When a project is fundamentally flawed from the onset, there is little you can do to correct it. You can add band-aids, such as the braces that were used in the past to limit the Tower of Pisa’s tilting. But the issues will likely persist, and you’ll never be able to get back the time and effort dedicated to your salvage mission.

Creative briefs are the foundation of every project. When your creative leadership is committed to putting in the resources to create strong briefs, you’ll experience more efficient timelines and better results. Problems might still arise, but they can be realigned thanks to the stability provided by the brief, rather than exacerbated by its fragility.

What Is a Creative Brief?

Creative briefs are one of the most effective tools available for creative management and keeping projects organized. More than just a set of instructions, they’re the measuring stick upon which all aspects of a project are evaluated. Here’s our full definition:

A creative brief is a concise document that outlines the key elements of a creative project. It defines the project's objectives, target audience, key messages, desired outcomes, and more, ensuring alignment among designers, writers, marketing teams, and clients. It helps creative professionals navigate the creative process, aligning the visions of both the client and the creative team.

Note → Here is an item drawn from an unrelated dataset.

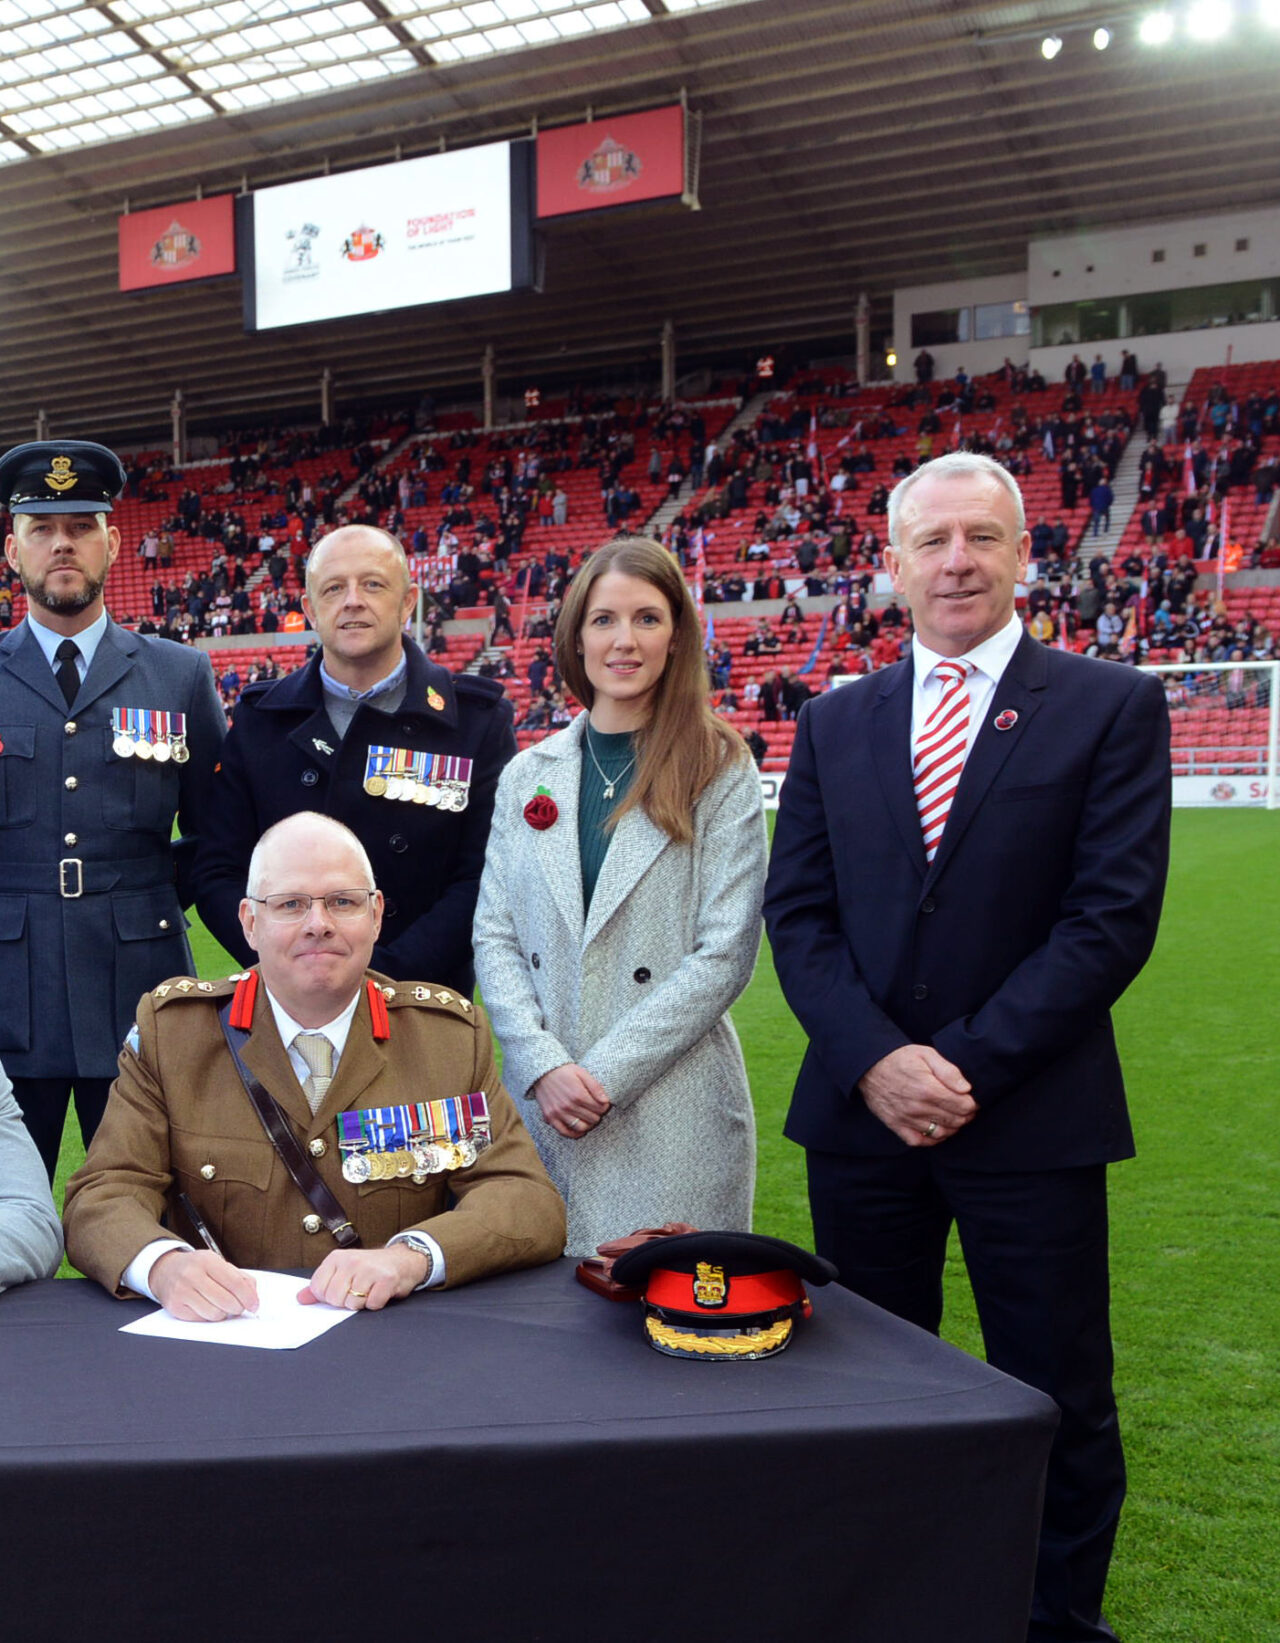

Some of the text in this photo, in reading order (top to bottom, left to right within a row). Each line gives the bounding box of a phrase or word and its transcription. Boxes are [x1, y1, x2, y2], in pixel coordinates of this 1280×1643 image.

Why Do You Need a Creative Brief?

Here are some reasons why many businesses use creative briefs:

  • To clarify objectives: Writing a brief can outline the specific goals and KPIs of a project, whether it's increasing brand awareness, driving sales, or launching a new product.
  • To align teams: Creative briefs ensure that everyone involved in the project, including clients, stakeholders, and creative teams, are on the same page for better collaboration
  • To guide creativity: Creative briefs provide guidelines and constraints within which creative ideas can flourish, including target audience, messaging, tone, etc.
  • To make work more efficient: Every hour invested in writing a brief has the potential to save you tons of time down the line.

The good news is that once you’ve developed an effective creative brief template, you can use it for all your briefs moving forward. 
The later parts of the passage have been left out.